With the way college football is currently constituted, it's likely that schools like no. 1 Clemson, Alabama, and even Georgia can suffer an early loss and still make the college football playoff by running the table. (Everyone else? Screwed.) Still, it's also possible that four other teams stay ahead of the curve and that early loss becomes a season-ender, in the sense that any year without making the playoffs for a team like Clemson is a year of failure. So when I was sitting in section 219 at Kenan Stadium in Chapel Hill late on Saturday, watching the UNC Tar Heels score a touchdown to pull within one point of Clemson with just a minute left, I was dying for head coach Mack Brown to go for two.

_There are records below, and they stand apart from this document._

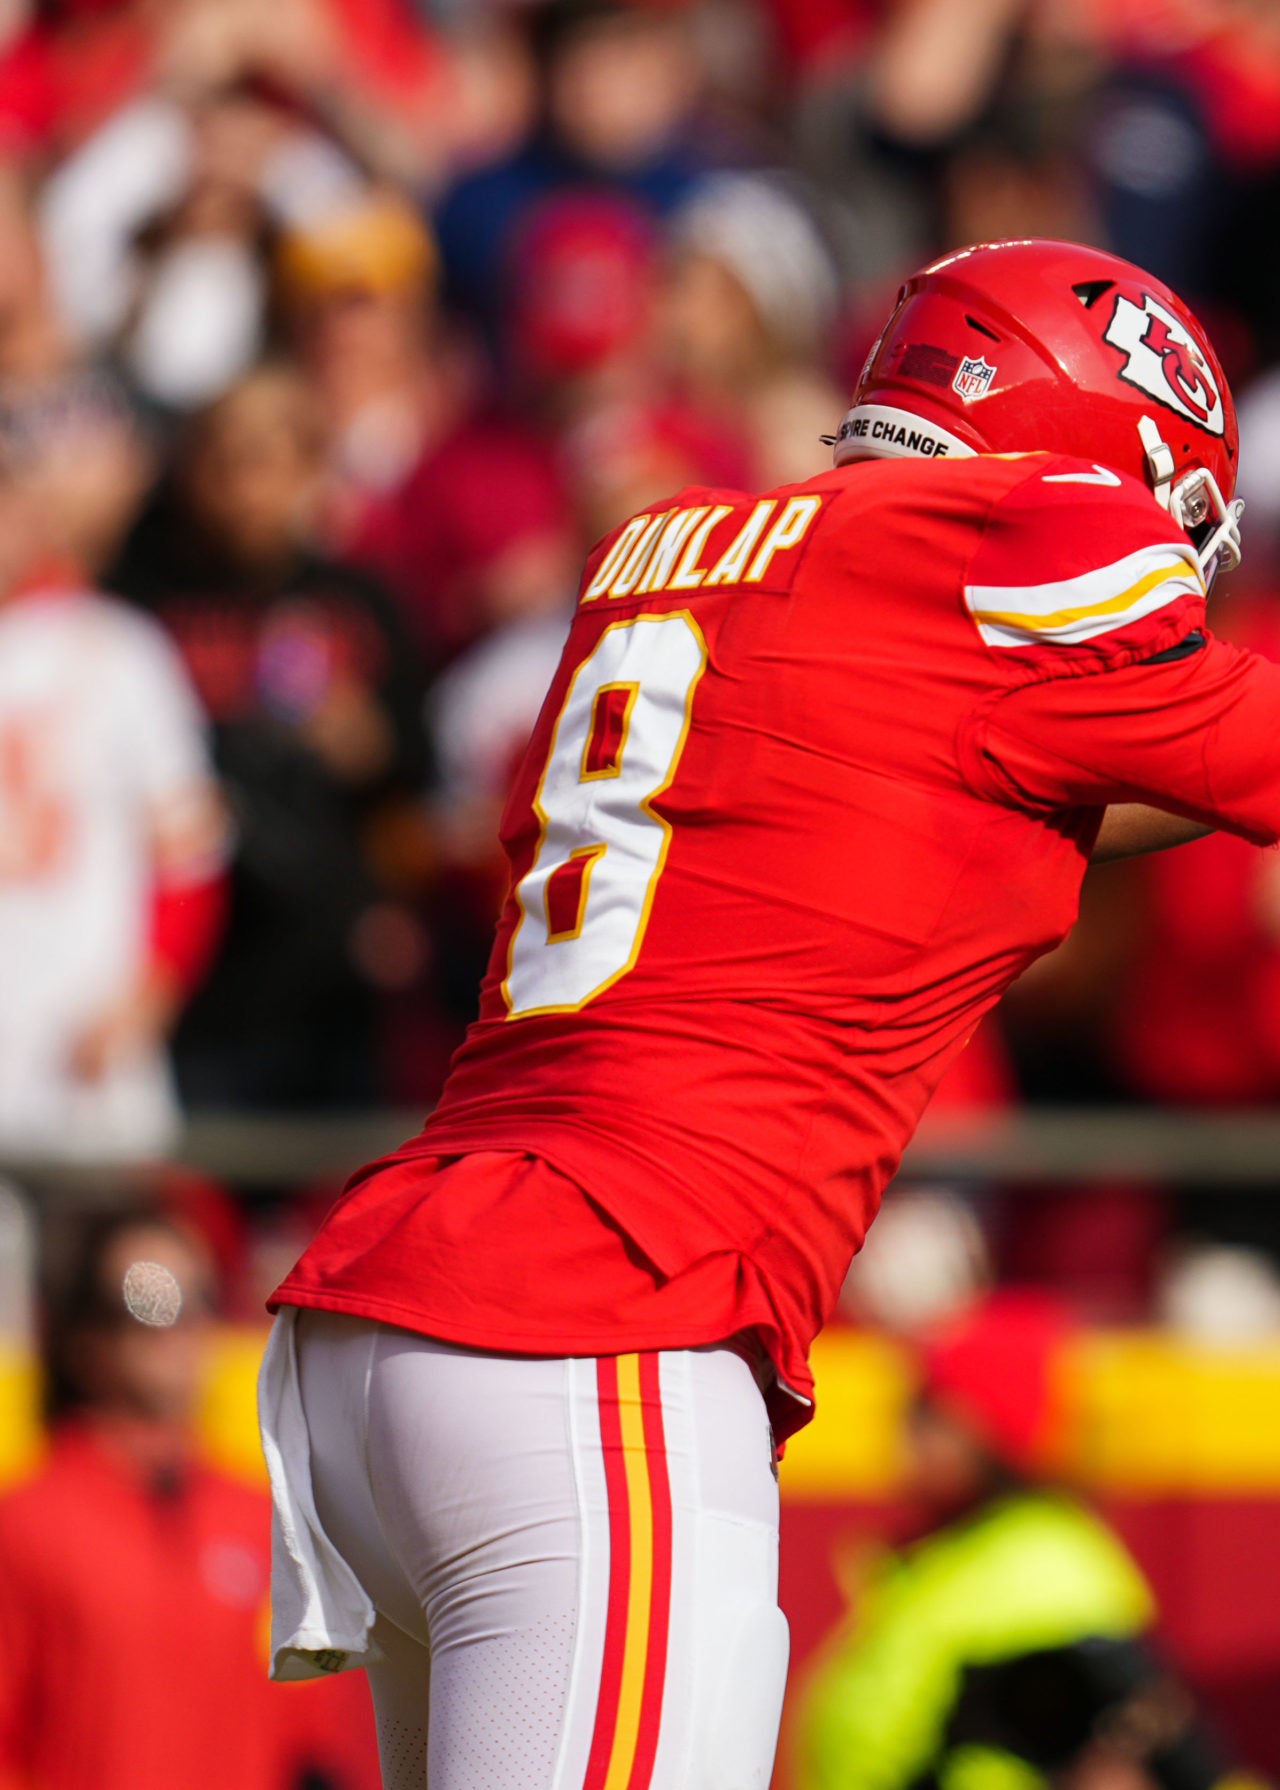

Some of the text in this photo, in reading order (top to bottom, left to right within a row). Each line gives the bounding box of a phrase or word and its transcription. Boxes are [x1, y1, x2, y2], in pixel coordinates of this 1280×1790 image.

[957, 372, 985, 394] NFL
[871, 421, 949, 458] CHANGE
[580, 495, 822, 604] DUNLAP
[500, 609, 709, 1022] 8
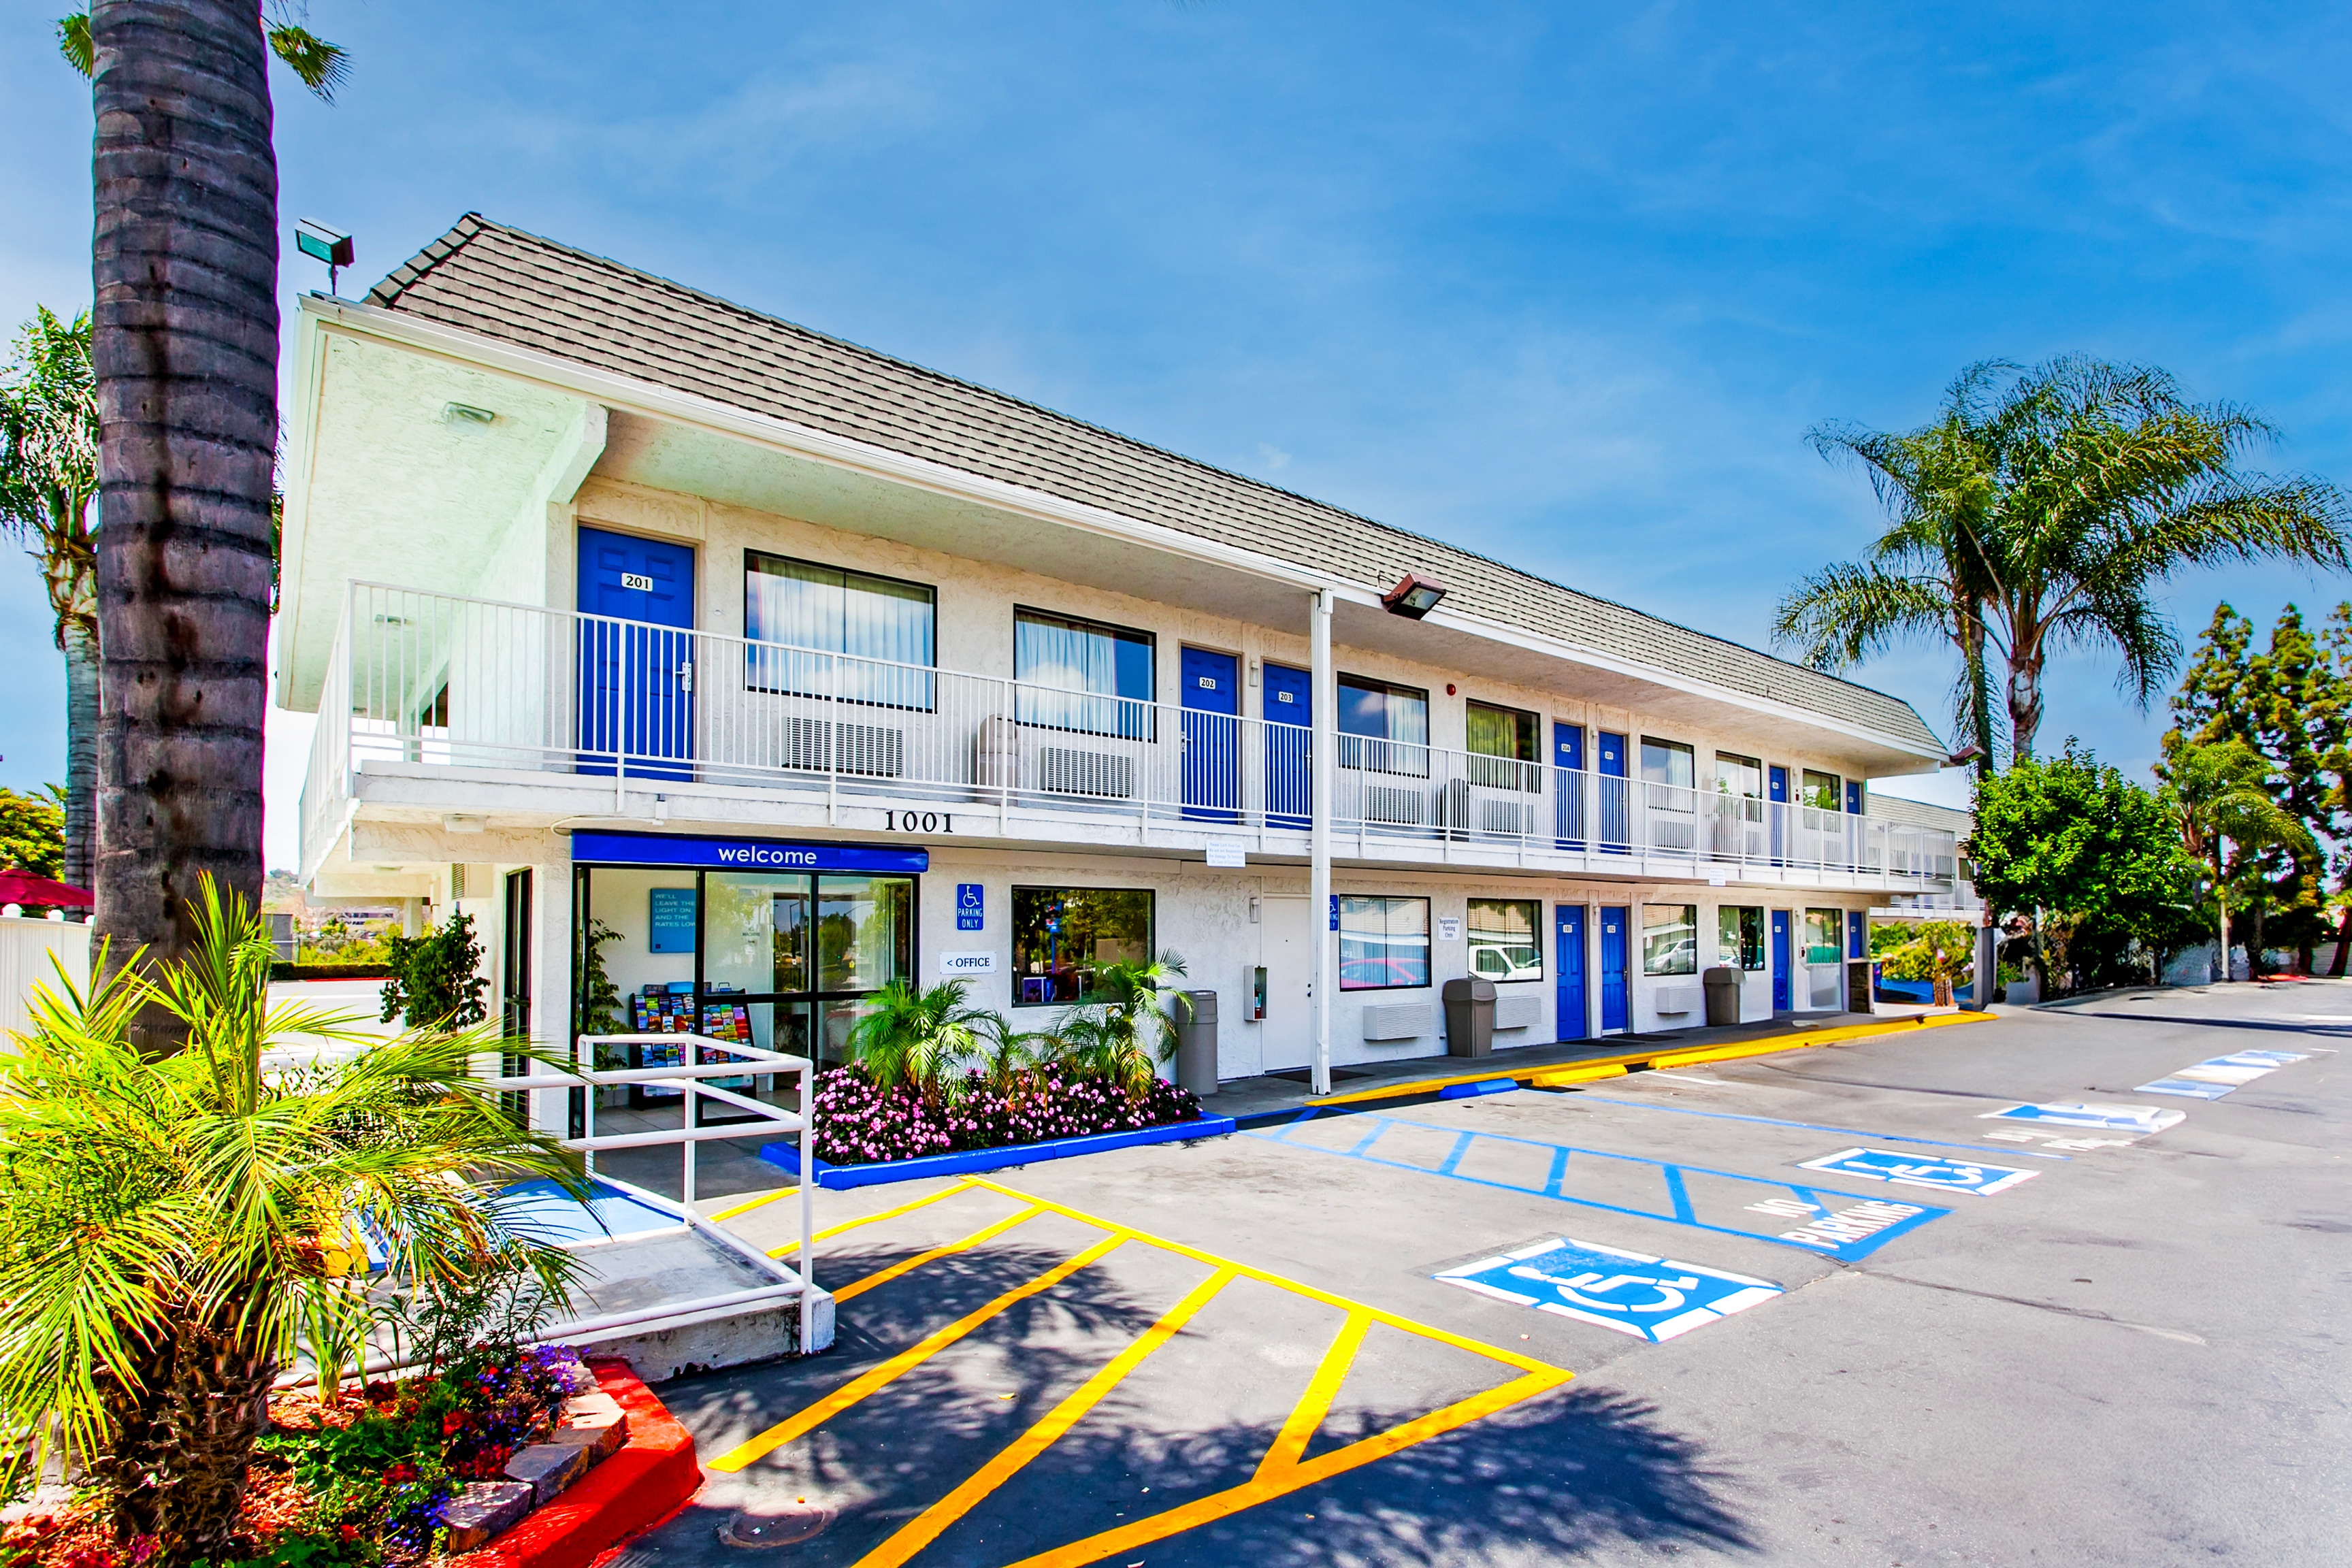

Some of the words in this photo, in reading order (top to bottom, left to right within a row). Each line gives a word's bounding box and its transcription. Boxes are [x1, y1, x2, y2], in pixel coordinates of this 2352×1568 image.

[626, 575, 649, 589] 201
[1201, 679, 1214, 688] 202
[1280, 693, 1292, 702] 203
[885, 811, 953, 833] 1001
[718, 845, 817, 865] welcome
[958, 908, 983, 917] PARKING
[962, 919, 978, 928] ONLY
[956, 958, 990, 967] OFFICE
[1743, 1198, 1821, 1218] NO
[1778, 1200, 1925, 1250] PARKING
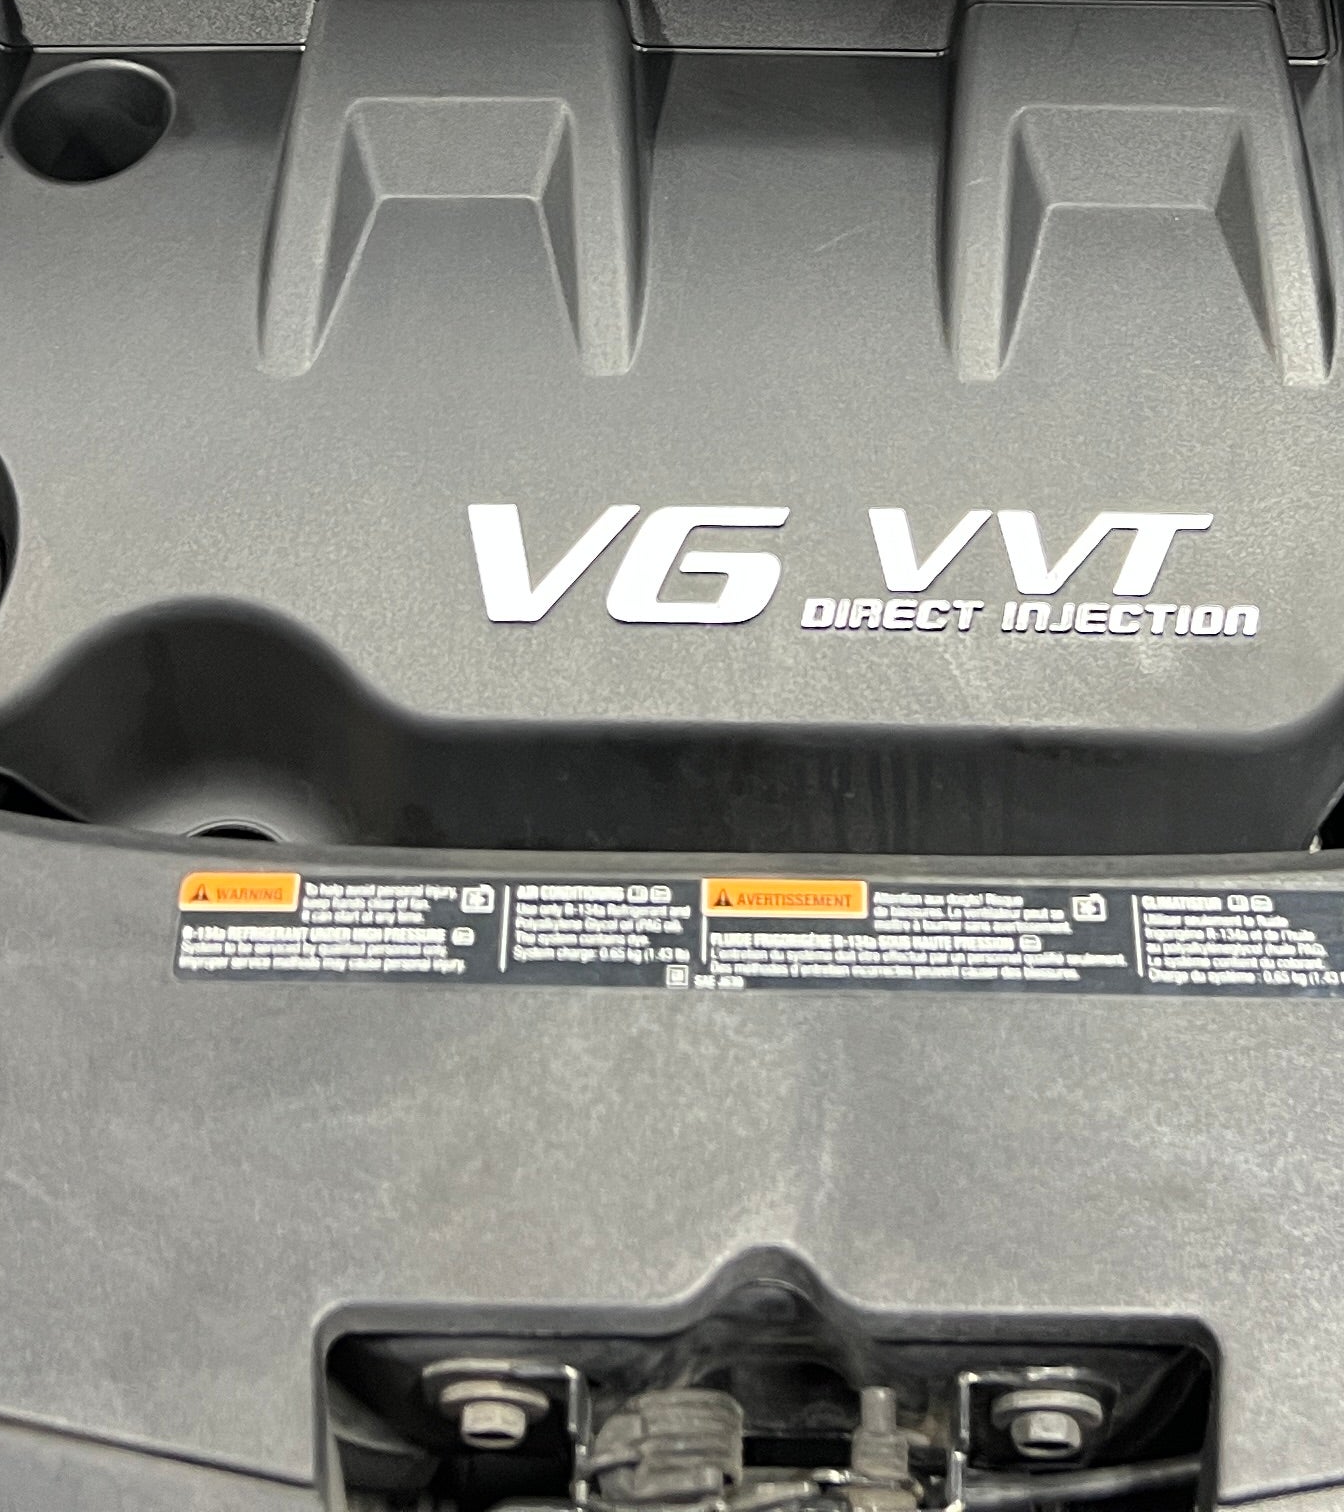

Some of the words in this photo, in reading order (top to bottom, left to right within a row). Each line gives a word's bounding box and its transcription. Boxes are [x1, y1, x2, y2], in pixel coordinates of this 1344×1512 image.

Why? Well, first off, I wasn't very invested in the result—I'm not a fan of either team, I was only at the game to see Clemson in person, and I didn't care if the conversion failed. I just wanted that sweet, sweet drama...the ultimate selfish fan experience. But also, as you might imagine, Clemson travels extremely well, particularly when their fans only have to cross one state line. So there were large swaths of orange folk in the stands, and they looked absolutely miserable the entire game. They wanted the pitiless massacre, and instead, they got three hours of frustrating hell. I knew that if Carolina went for two, there would be long moments before the snap when they'd have to contemplate the unthinkable end of their championship ambitions. Oh, how I craved those moments!

And when Mack Brown decided to roll the dice, for a few seconds it was as good as I imagined. Up and down the aisles, nails were bitten, seats were gripped, and desperation played across faces accustomed to stress-free domination.

Now, sure, the payoff was garbage—Carolina tried to run outside on one of the fastest defenses in the country, which had failed every time they attempted it all game, and failed again when it mattered most:

So Clemson won. BUT! None of the orange brigade were crowing on the walk out of the stadium. They wore the look of people who just survived a near-death experience, and they wanted to get the hell out of the state as fast as possible. Which is why I think, strategy considerations aside, Mack Brown made the right call: You can't underestimate the sheer pleasure of putting fear into a juggernaut. Clemson fans deserve to suffer, and for a moment, they were in agony.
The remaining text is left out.